» **ACTIVITY**: Write down each of the records again, exactly and in full.

» **INFORMATION SHOWN**:
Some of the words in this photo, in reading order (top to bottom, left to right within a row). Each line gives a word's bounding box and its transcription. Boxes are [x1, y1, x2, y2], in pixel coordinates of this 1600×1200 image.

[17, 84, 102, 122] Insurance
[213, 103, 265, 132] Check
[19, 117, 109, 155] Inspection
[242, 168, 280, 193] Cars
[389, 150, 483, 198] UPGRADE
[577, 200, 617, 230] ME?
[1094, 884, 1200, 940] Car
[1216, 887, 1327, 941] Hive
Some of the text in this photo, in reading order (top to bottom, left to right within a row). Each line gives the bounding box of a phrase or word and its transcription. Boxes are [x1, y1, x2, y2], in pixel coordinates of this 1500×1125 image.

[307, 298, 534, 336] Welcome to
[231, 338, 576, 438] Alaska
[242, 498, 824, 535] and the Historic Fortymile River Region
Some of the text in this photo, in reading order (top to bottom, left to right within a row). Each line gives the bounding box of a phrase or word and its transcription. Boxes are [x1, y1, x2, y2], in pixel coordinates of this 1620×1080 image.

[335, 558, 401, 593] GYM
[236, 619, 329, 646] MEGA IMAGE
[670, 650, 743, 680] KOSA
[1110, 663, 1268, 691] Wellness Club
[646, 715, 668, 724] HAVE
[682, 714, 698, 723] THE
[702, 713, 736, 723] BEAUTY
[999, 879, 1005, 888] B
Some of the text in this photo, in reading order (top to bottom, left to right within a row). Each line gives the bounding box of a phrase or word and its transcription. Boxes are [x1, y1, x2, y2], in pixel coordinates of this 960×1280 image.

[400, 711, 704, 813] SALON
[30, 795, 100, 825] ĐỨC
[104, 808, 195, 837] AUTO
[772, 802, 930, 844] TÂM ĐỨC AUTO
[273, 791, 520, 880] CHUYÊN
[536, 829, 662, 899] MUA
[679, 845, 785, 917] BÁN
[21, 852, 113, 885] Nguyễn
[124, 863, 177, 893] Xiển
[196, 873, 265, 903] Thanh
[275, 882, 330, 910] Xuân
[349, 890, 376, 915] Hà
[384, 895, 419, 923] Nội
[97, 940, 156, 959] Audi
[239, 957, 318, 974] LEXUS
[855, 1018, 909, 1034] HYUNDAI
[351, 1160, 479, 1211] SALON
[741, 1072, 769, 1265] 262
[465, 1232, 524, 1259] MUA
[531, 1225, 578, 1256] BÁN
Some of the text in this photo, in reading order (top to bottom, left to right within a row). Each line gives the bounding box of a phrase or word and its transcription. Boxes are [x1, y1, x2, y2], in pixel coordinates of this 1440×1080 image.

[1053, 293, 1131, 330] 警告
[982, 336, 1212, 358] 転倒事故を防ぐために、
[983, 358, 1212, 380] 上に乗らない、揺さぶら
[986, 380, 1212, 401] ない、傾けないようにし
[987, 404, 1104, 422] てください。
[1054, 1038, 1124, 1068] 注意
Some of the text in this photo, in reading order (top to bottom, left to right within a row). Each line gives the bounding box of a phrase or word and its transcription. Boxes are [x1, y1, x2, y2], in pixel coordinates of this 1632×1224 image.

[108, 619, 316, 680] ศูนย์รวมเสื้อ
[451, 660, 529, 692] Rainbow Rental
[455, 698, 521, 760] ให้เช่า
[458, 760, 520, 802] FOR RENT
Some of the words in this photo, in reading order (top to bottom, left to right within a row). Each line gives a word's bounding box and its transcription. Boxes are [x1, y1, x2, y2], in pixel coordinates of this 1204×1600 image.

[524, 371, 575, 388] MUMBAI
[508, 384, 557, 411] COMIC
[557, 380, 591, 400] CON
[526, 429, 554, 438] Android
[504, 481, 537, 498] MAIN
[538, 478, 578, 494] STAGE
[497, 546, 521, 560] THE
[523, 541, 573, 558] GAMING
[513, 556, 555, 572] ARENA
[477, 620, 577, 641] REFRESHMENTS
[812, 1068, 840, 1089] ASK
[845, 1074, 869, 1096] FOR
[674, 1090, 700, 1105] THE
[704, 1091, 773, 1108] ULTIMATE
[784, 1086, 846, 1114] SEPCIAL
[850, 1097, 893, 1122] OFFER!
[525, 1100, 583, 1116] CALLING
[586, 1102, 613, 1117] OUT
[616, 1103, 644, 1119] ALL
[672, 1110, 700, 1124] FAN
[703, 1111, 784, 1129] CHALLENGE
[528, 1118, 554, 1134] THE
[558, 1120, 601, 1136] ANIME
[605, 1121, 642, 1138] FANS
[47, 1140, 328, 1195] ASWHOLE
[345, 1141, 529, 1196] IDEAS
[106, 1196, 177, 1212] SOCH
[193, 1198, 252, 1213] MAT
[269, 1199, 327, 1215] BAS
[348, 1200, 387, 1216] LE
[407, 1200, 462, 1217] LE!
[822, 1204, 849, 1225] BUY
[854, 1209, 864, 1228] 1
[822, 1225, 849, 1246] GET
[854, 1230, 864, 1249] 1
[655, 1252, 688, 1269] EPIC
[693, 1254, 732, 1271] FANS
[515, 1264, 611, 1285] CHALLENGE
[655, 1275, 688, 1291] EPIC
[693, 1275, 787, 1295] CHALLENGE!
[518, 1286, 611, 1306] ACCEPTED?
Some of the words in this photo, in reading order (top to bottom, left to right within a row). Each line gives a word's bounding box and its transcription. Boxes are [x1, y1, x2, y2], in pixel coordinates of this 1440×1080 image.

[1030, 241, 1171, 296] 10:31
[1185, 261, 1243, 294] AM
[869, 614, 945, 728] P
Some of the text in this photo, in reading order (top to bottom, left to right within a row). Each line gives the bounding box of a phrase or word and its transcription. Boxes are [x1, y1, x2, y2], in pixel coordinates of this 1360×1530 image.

» **ANSWER TO THIS TASK**:
Some of the words in this photo, in reading order (top to bottom, left to right within a row). Each line gives a word's bounding box and its transcription. Boxes are [x1, y1, x2, y2], in pixel coordinates of this 1600×1200 image.

[17, 84, 102, 122] Insurance
[213, 103, 265, 132] Check
[19, 117, 109, 155] Inspection
[242, 168, 280, 193] Cars
[389, 150, 483, 198] UPGRADE
[577, 200, 617, 230] ME?
[1094, 884, 1200, 940] Car
[1216, 887, 1327, 941] Hive
Some of the text in this photo, in reading order (top to bottom, left to right within a row). Each line gives the bounding box of a phrase or word and its transcription. Boxes are [x1, y1, x2, y2], in pixel coordinates of this 1500×1125 image.

[307, 298, 534, 336] Welcome to
[231, 338, 576, 438] Alaska
[242, 498, 824, 535] and the Historic Fortymile River Region
Some of the text in this photo, in reading order (top to bottom, left to right within a row). Each line gives the bounding box of a phrase or word and its transcription. Boxes are [x1, y1, x2, y2], in pixel coordinates of this 1620×1080 image.

[335, 558, 401, 593] GYM
[236, 619, 329, 646] MEGA IMAGE
[670, 650, 743, 680] KOSA
[1110, 663, 1268, 691] Wellness Club
[646, 715, 668, 724] HAVE
[682, 714, 698, 723] THE
[702, 713, 736, 723] BEAUTY
[999, 879, 1005, 888] B
Some of the text in this photo, in reading order (top to bottom, left to right within a row). Each line gives the bounding box of a phrase or word and its transcription. Boxes are [x1, y1, x2, y2], in pixel coordinates of this 960×1280 image.

[400, 711, 704, 813] SALON
[30, 795, 100, 825] ĐỨC
[104, 808, 195, 837] AUTO
[772, 802, 930, 844] TÂM ĐỨC AUTO
[273, 791, 520, 880] CHUYÊN
[536, 829, 662, 899] MUA
[679, 845, 785, 917] BÁN
[21, 852, 113, 885] Nguyễn
[124, 863, 177, 893] Xiển
[196, 873, 265, 903] Thanh
[275, 882, 330, 910] Xuân
[349, 890, 376, 915] Hà
[384, 895, 419, 923] Nội
[97, 940, 156, 959] Audi
[239, 957, 318, 974] LEXUS
[855, 1018, 909, 1034] HYUNDAI
[351, 1160, 479, 1211] SALON
[741, 1072, 769, 1265] 262
[465, 1232, 524, 1259] MUA
[531, 1225, 578, 1256] BÁN
Some of the text in this photo, in reading order (top to bottom, left to right within a row). Each line gives the bounding box of a phrase or word and its transcription. Boxes are [x1, y1, x2, y2], in pixel coordinates of this 1440×1080 image.

[1053, 293, 1131, 330] 警告
[982, 336, 1212, 358] 転倒事故を防ぐために、
[983, 358, 1212, 380] 上に乗らない、揺さぶら
[986, 380, 1212, 401] ない、傾けないようにし
[987, 404, 1104, 422] てください。
[1054, 1038, 1124, 1068] 注意
Some of the text in this photo, in reading order (top to bottom, left to right within a row). Each line gives the bounding box of a phrase or word and its transcription. Boxes are [x1, y1, x2, y2], in pixel coordinates of this 1632×1224 image.

[108, 619, 316, 680] ศูนย์รวมเสื้อ
[451, 660, 529, 692] Rainbow Rental
[455, 698, 521, 760] ให้เช่า
[458, 760, 520, 802] FOR RENT
Some of the words in this photo, in reading order (top to bottom, left to right within a row). Each line gives a word's bounding box and its transcription. Boxes are [x1, y1, x2, y2], in pixel coordinates of this 1204×1600 image.

[524, 371, 575, 388] MUMBAI
[508, 384, 557, 411] COMIC
[557, 380, 591, 400] CON
[526, 429, 554, 438] Android
[504, 481, 537, 498] MAIN
[538, 478, 578, 494] STAGE
[497, 546, 521, 560] THE
[523, 541, 573, 558] GAMING
[513, 556, 555, 572] ARENA
[477, 620, 577, 641] REFRESHMENTS
[812, 1068, 840, 1089] ASK
[845, 1074, 869, 1096] FOR
[674, 1090, 700, 1105] THE
[704, 1091, 773, 1108] ULTIMATE
[784, 1086, 846, 1114] SEPCIAL
[850, 1097, 893, 1122] OFFER!
[525, 1100, 583, 1116] CALLING
[586, 1102, 613, 1117] OUT
[616, 1103, 644, 1119] ALL
[672, 1110, 700, 1124] FAN
[703, 1111, 784, 1129] CHALLENGE
[528, 1118, 554, 1134] THE
[558, 1120, 601, 1136] ANIME
[605, 1121, 642, 1138] FANS
[47, 1140, 328, 1195] ASWHOLE
[345, 1141, 529, 1196] IDEAS
[106, 1196, 177, 1212] SOCH
[193, 1198, 252, 1213] MAT
[269, 1199, 327, 1215] BAS
[348, 1200, 387, 1216] LE
[407, 1200, 462, 1217] LE!
[822, 1204, 849, 1225] BUY
[854, 1209, 864, 1228] 1
[822, 1225, 849, 1246] GET
[854, 1230, 864, 1249] 1
[655, 1252, 688, 1269] EPIC
[693, 1254, 732, 1271] FANS
[515, 1264, 611, 1285] CHALLENGE
[655, 1275, 688, 1291] EPIC
[693, 1275, 787, 1295] CHALLENGE!
[518, 1286, 611, 1306] ACCEPTED?
Some of the words in this photo, in reading order (top to bottom, left to right within a row). Each line gives a word's bounding box and its transcription. Boxes are [x1, y1, x2, y2], in pixel coordinates of this 1440×1080 image.

[1030, 241, 1171, 296] 10:31
[1185, 261, 1243, 294] AM
[869, 614, 945, 728] P
Some of the text in this photo, in reading order (top to bottom, left to right within a row). Each line gives the bounding box of a phrase or word and its transcription. Boxes are [x1, y1, x2, y2], in pixel coordinates of this 1360×1530 image.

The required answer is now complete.